§ **Activity**: Write out the records in full, exactly as given, but without the images.

☆ ☆ ☆ ☆ ☆

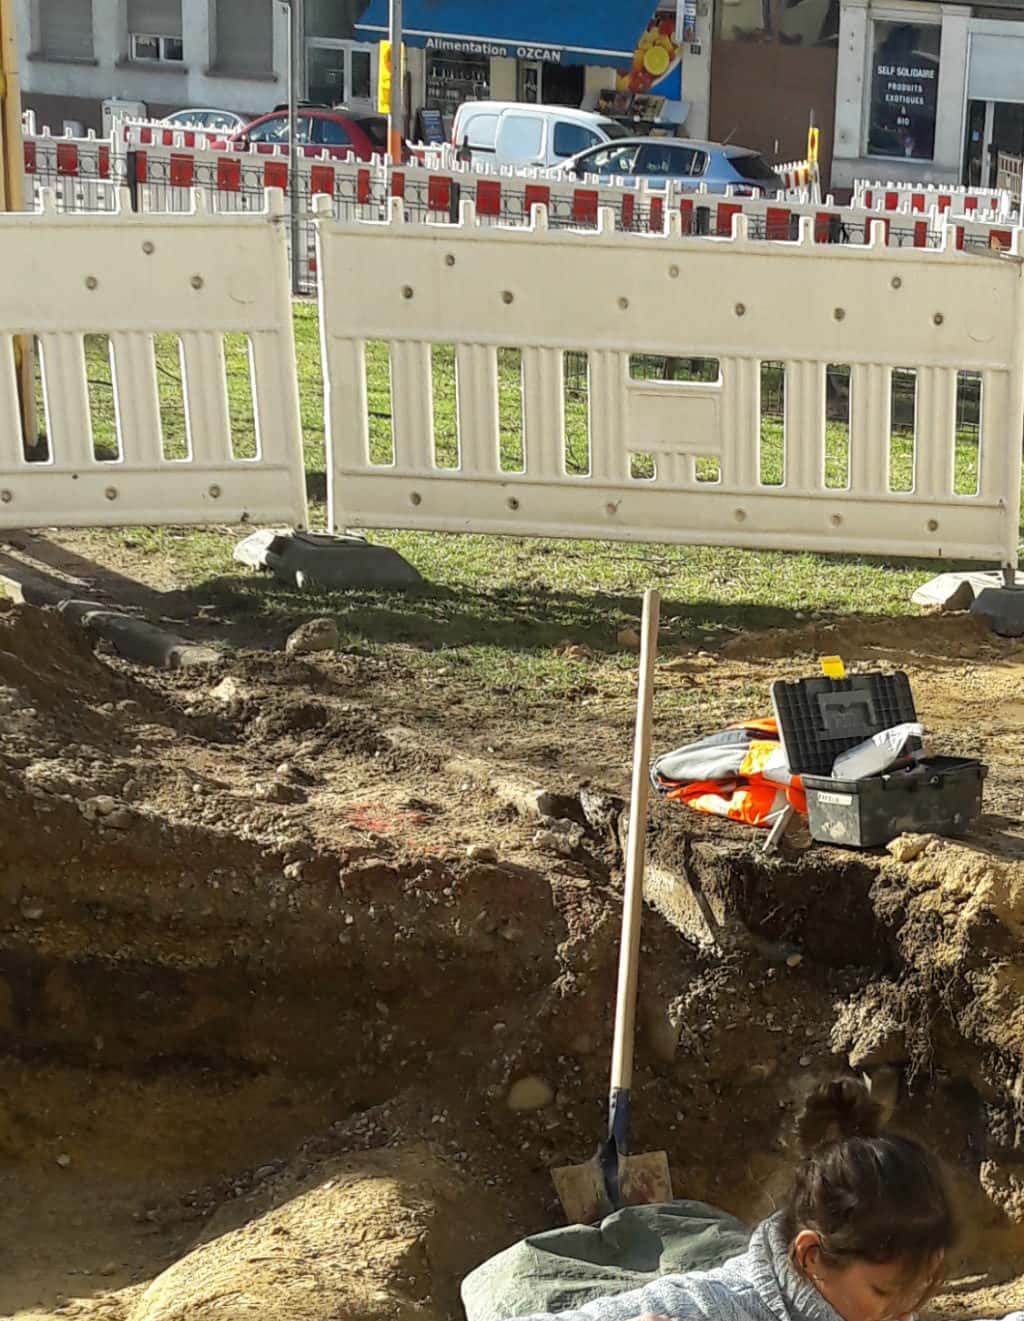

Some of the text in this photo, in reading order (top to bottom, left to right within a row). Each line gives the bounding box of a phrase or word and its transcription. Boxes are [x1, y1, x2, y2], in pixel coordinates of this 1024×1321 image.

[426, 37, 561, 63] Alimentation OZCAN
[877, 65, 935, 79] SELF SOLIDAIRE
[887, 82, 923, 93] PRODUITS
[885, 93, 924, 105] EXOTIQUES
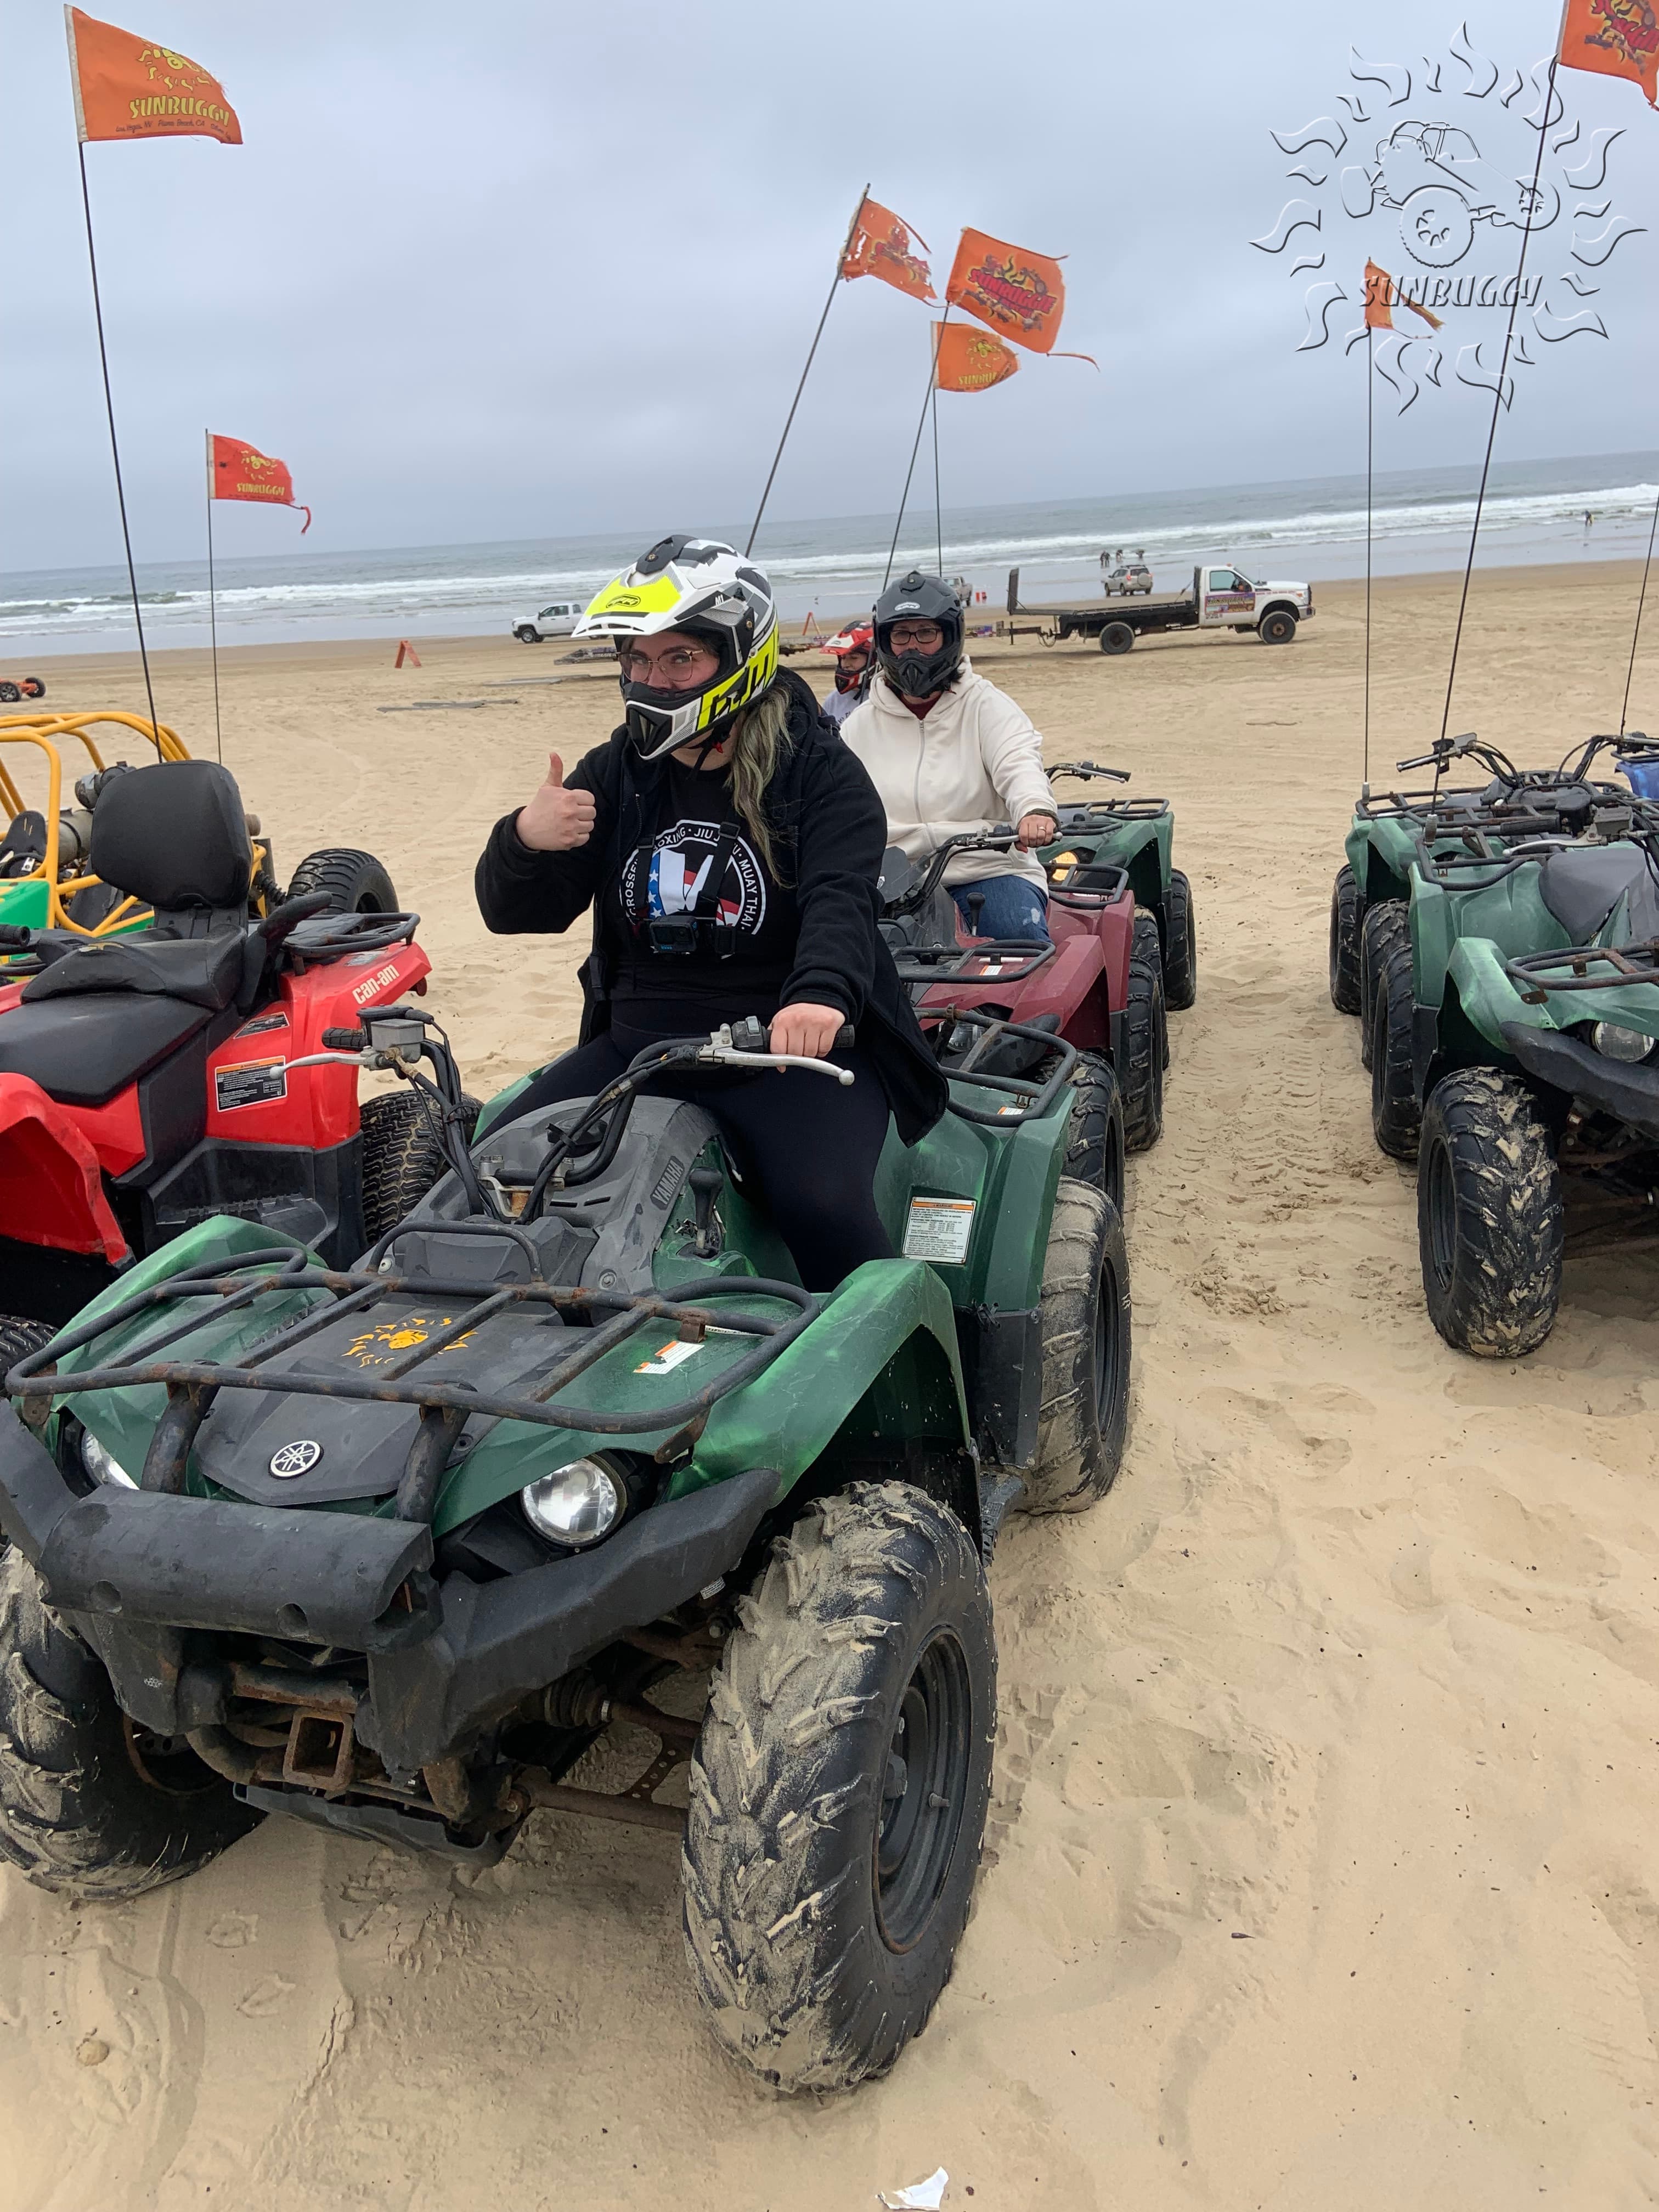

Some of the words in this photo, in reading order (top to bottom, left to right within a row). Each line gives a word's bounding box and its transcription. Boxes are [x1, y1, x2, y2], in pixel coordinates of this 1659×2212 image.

☆ ☆ ☆ ☆ ☆

§ **Output below**:
Some of the text in this photo, in reading order (top to bottom, left to right within a row). Each line gives the bounding box of a phrase or word and its transcription. Boxes are [x1, y1, x2, y2], in pixel coordinates of this 1024×1321 image.

[426, 37, 561, 63] Alimentation OZCAN
[877, 65, 935, 79] SELF SOLIDAIRE
[887, 82, 923, 93] PRODUITS
[885, 93, 924, 105] EXOTIQUES

Some of the words in this photo, in reading order (top to bottom, left to right within a row). Each line gives a word's bounding box and its transcription. Boxes are [x1, y1, x2, y2], in pixel coordinates of this 1659×2212 image.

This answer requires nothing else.